1. What are the 5 ways Indian stock market changed after 1992?

The five ways in the Indian stock markets are.

 Settlement cycle is the time inside which representatives need to pay full cash and
take conveyance of stocks or convey stocks whenever sold. In 1992 the cycle was 14
days. Presently, it is two days, and SEBI is alluding to a 1-day cycle soon.

 In 1992, there was no standard over support of least equilibrium that a client needs to
guarantee to purchase stocks. Presently, a client can't accept stocks without the base
equilibrium in the record or sell without stocks in their Demat account.

 Before 1992, every one of the exchanges were put through sellers and subsequently
they conveyed a tremendous execution hazard. Presently, the vast majority of the
exchanges are executed by clients all alone.

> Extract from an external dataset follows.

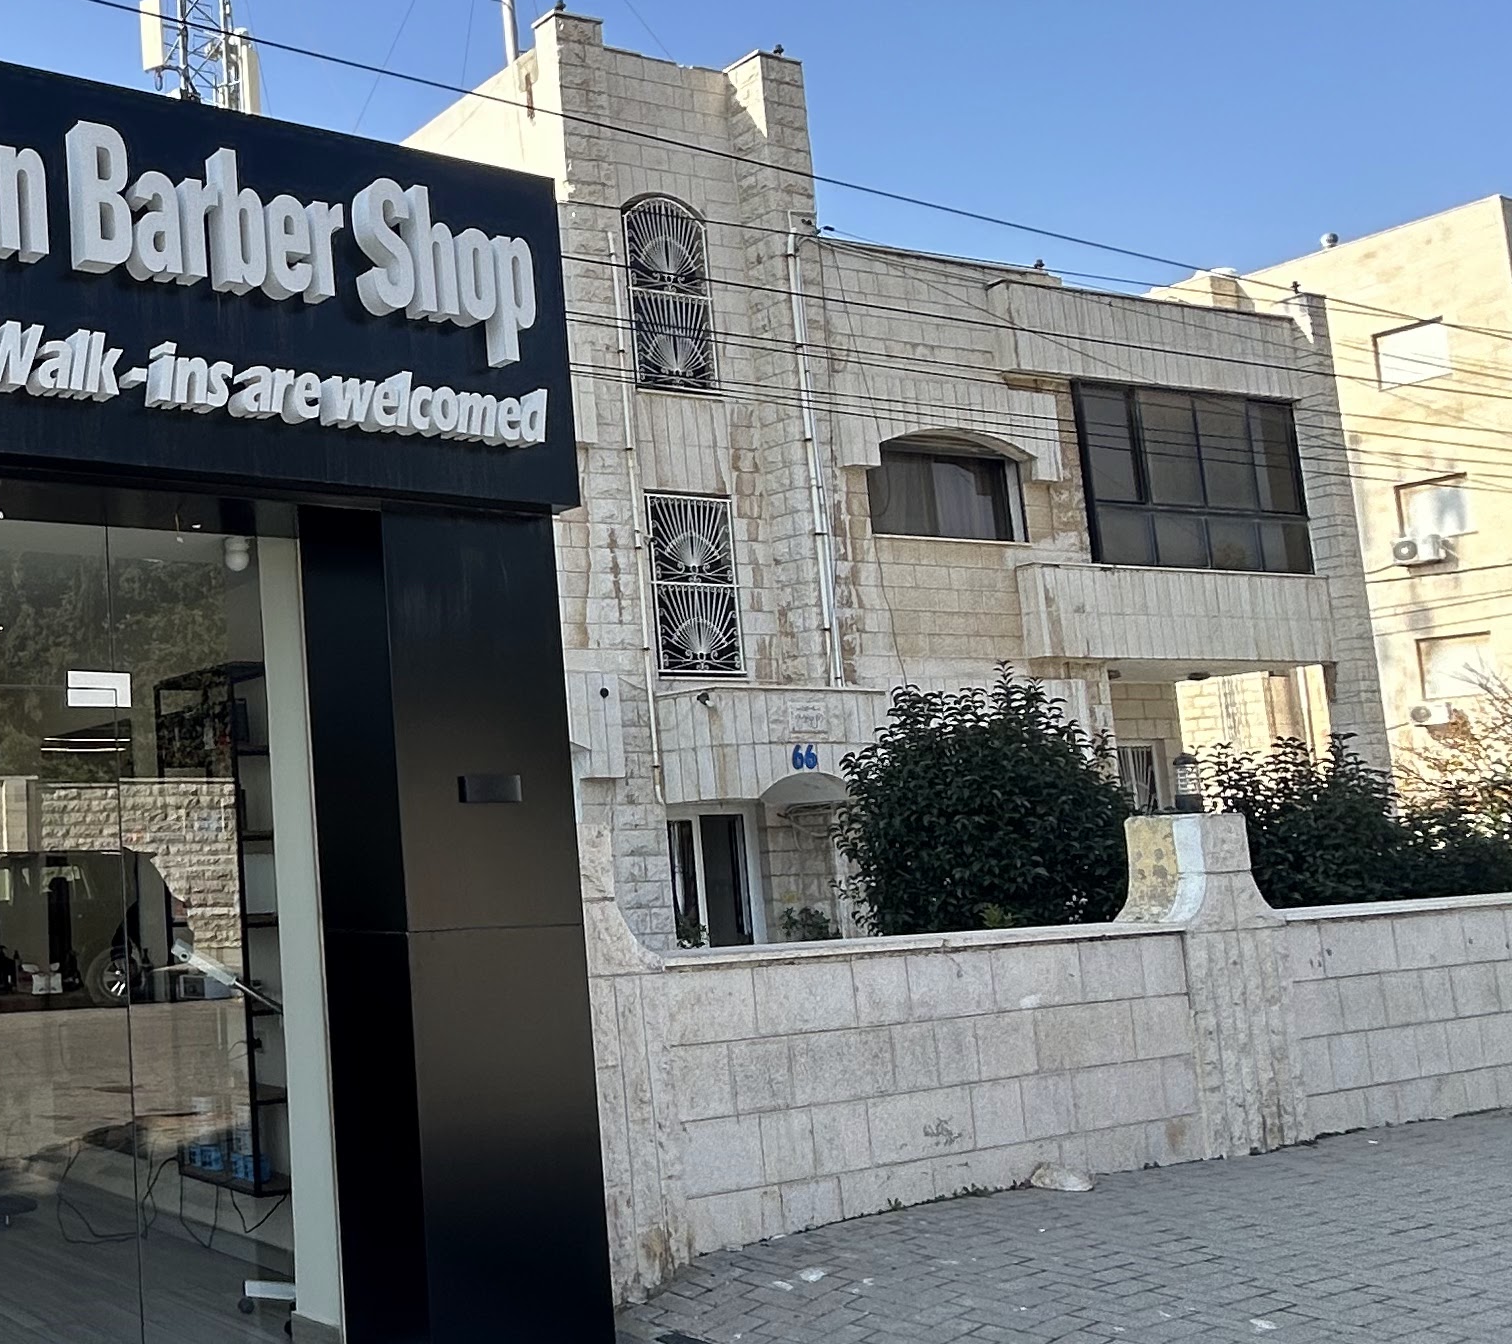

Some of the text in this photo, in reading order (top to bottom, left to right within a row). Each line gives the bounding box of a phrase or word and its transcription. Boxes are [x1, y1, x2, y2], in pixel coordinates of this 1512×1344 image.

 Before 1992, settlement of exchanges was done through paper, making counter-party
hazard clear. Presently, all exchanges are electronic and all settlement of exchanges
occurs through clearing organizations.
 In 1992, clients paid at any rate 1% as business for value conveyance exchanges. No
charges are imposed at this point.

2. How were the BRs misused?

After a series of breaches, BRs were accepted currency and were exchanged as shares, with
the underlying securities seldom changing hands.

a. Even though RBI rules prohibited it, banks began issuing BRs for transactions in
government securities.
b. Since banks buying securities did not insist on delivery within the 90-day period, BRs
became indefinitely valid.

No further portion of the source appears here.